INBOUND TRANSACTIONS

 When viewed from the United States, “inbound” refers to non-U.S. persons
(“persons” meaning both individuals as well as entities) with U.S. income
and/or U.S. activities.  A typical inbound circumstance exists where a foreign
corporation has income and/or activities in the U.S. 
 For instance, Toyota is a Japanese headquartered company.  However, Toyota
sells its products in the United States.  Thus, Toyota is selling “into” the
U.S., and Toyota would generally be considered in the inbound category.

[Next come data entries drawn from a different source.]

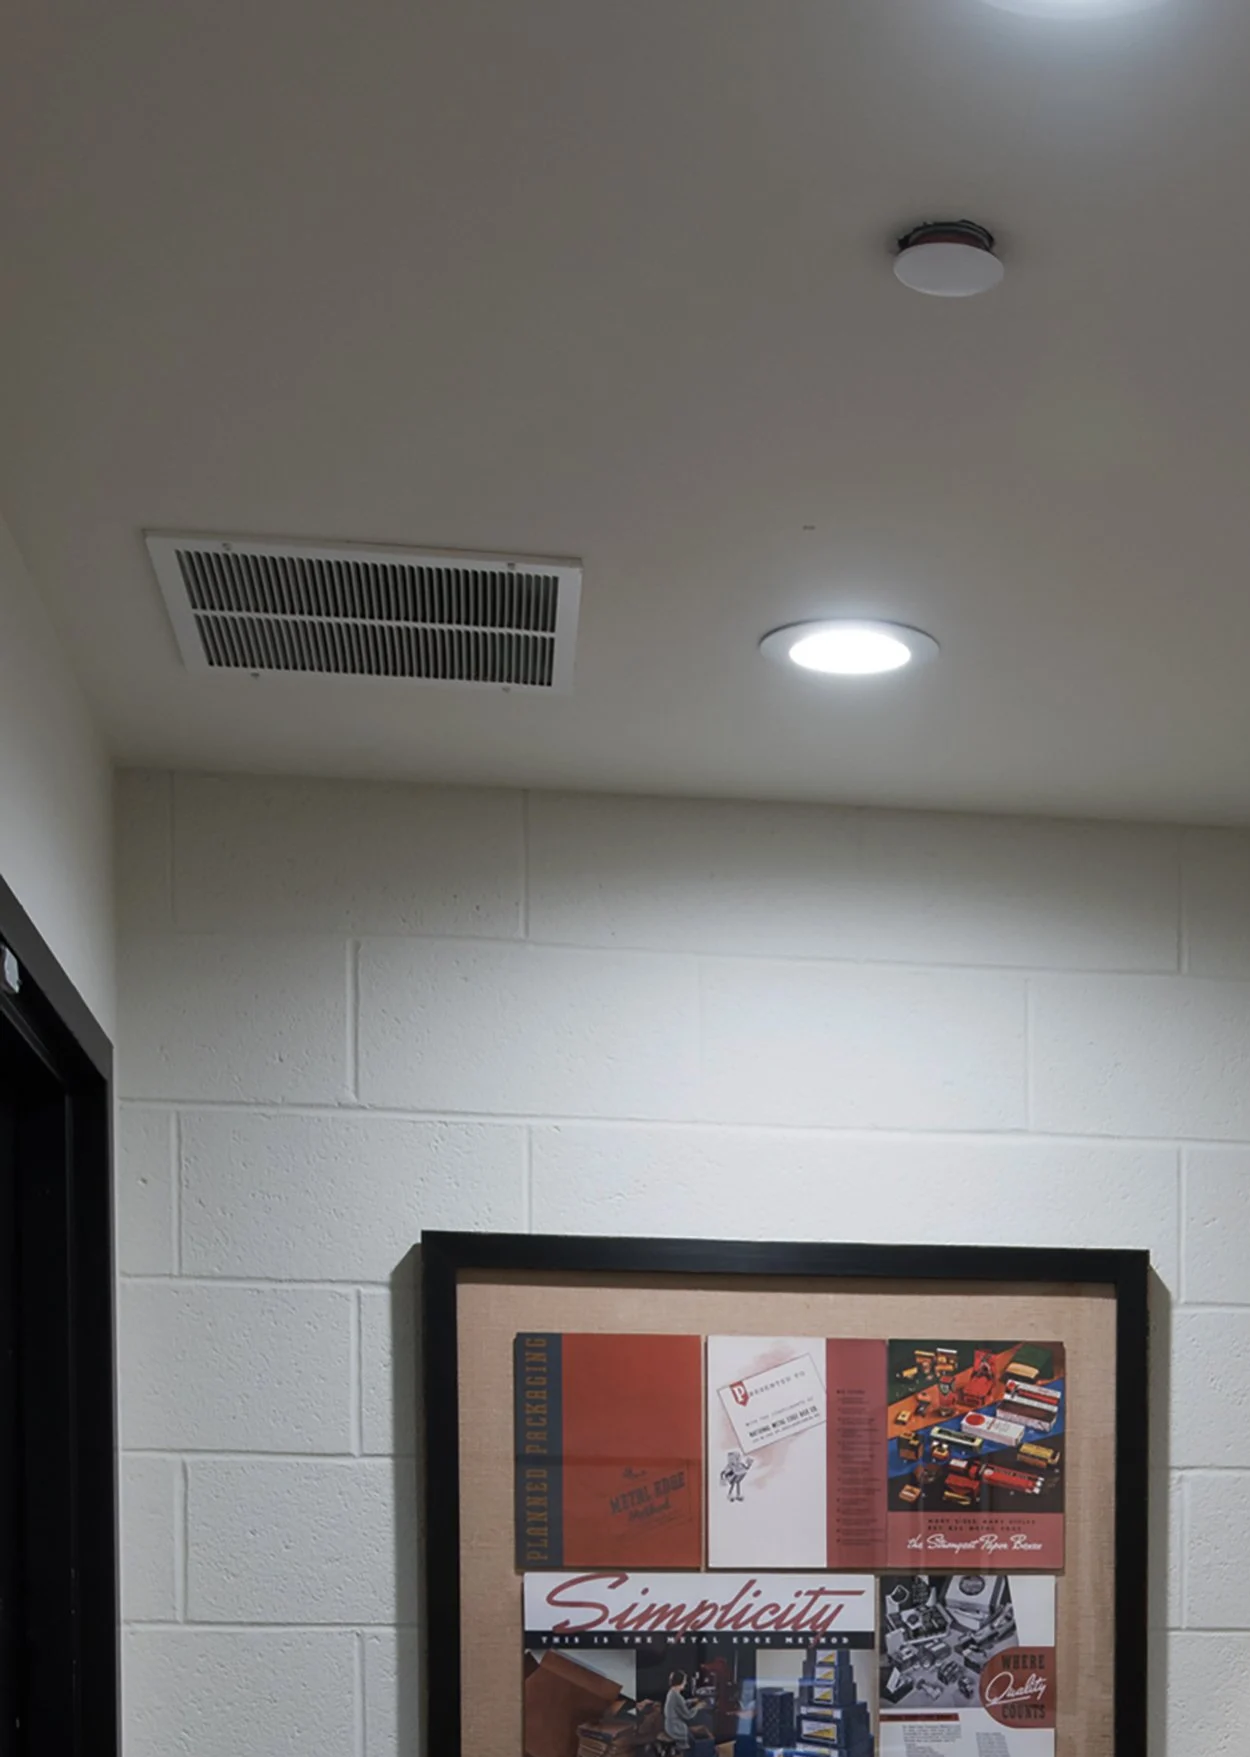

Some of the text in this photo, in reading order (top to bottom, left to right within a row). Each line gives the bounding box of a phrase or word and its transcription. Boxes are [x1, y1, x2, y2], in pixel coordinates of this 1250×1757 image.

[525, 1337, 548, 1560] PLANNED PACKAGING
[546, 1572, 865, 1645] Simplicity
[541, 1636, 849, 1644] THIS IS THE METAL EDGE METHOD
[1001, 1654, 1045, 1670] WHERE
[985, 1671, 1047, 1706] Quality
[1002, 1703, 1046, 1719] COUNTS

 In order for a transaction to be considered inbound, however, it is not
necessary for product to be imported into the U.S.  Continuing the example
above, Toyota may decide it is better to manufacture product in the U.S. 

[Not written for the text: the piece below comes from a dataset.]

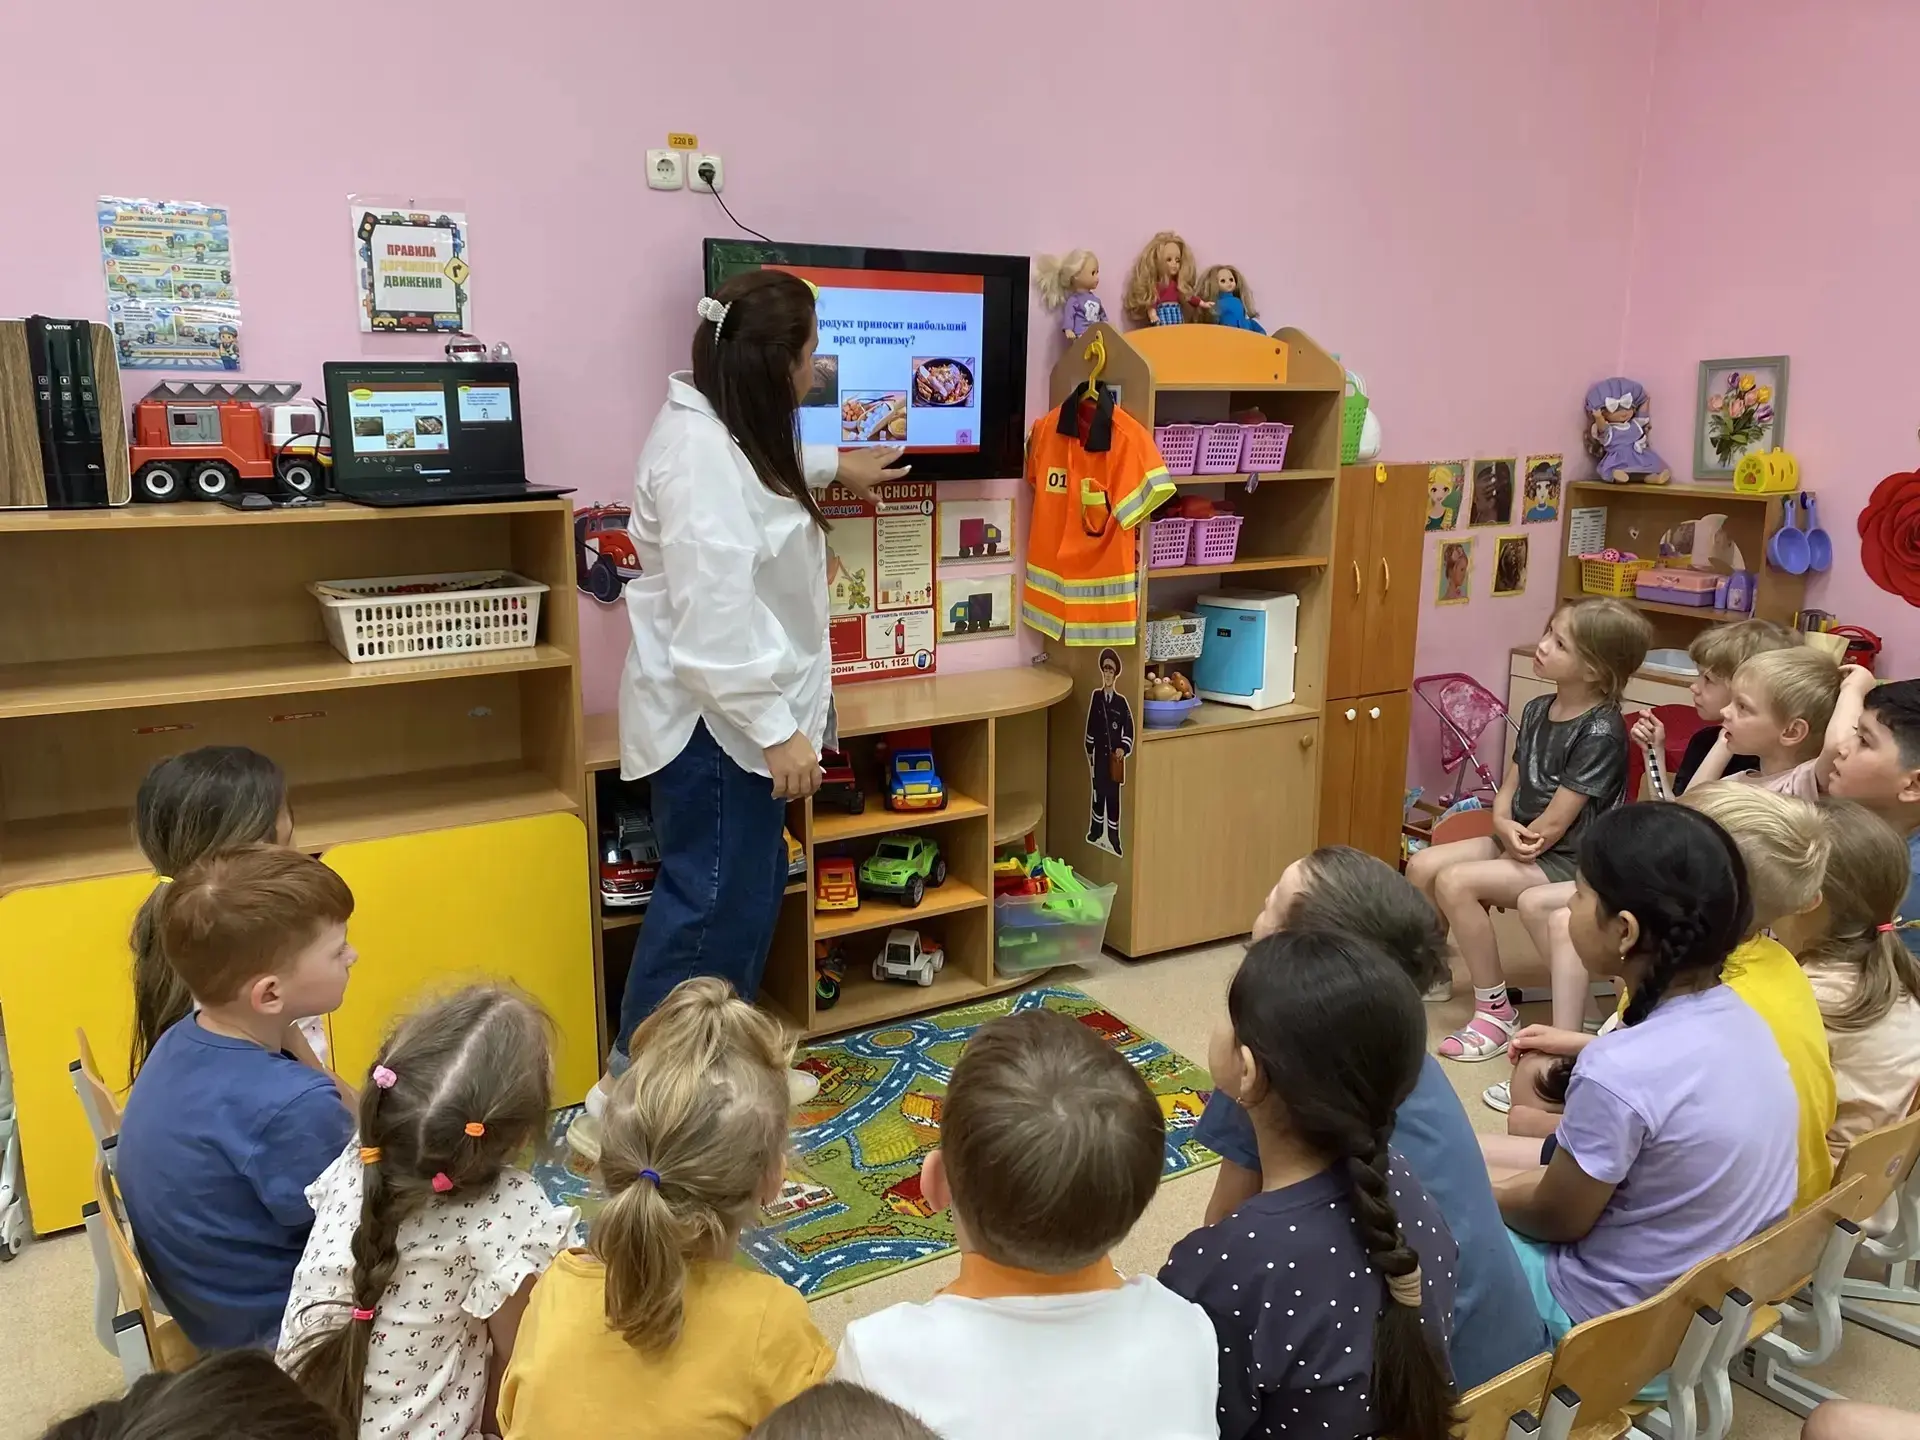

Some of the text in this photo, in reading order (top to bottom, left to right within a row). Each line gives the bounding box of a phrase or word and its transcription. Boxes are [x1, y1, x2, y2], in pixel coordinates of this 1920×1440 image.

Consequently, Toyota may form a U.S. subsidiary and have the subsidiary
manufacture and sell the product in the U.S.  In this circumstance, there has
been no product imported into the U.S.  However, it is still an inbound
transaction because the parent company is from outside the United States
and its subsidiary has activities in the United States.
OUTBOUND TRANSACTIONS

 “Outbound” refers to U.S. persons with NON-U.S. income or


NON-U.S. activities.  A typical outbound circumstance exists
where a U.S. headquartered corporation has income or
activities in other countries.  For instance, Wal-Mart is an
American publicly traded company.  However, Wal-Mart
purchases many of its products from suppliers located outside
the United States.  Further, Wal-Mart sells many of its products
outside the United States (either through foreign subsidiaries
or otherwise).  Thus, Wal-Mart is a U.S. headquartered
company with activities “outside” the U.S., and Wal-Mart would
generally be considered in the outbound category.
 Typical cross-border tax issues related to outbound
transactions can include: foreign withholding taxes, transfer
pricing, foreign tax credits and foreign tax credit limitations,
subpart F income, Code § 956 inclusions (a.k.a. investments in
U.S. property), income tax treaties, etc.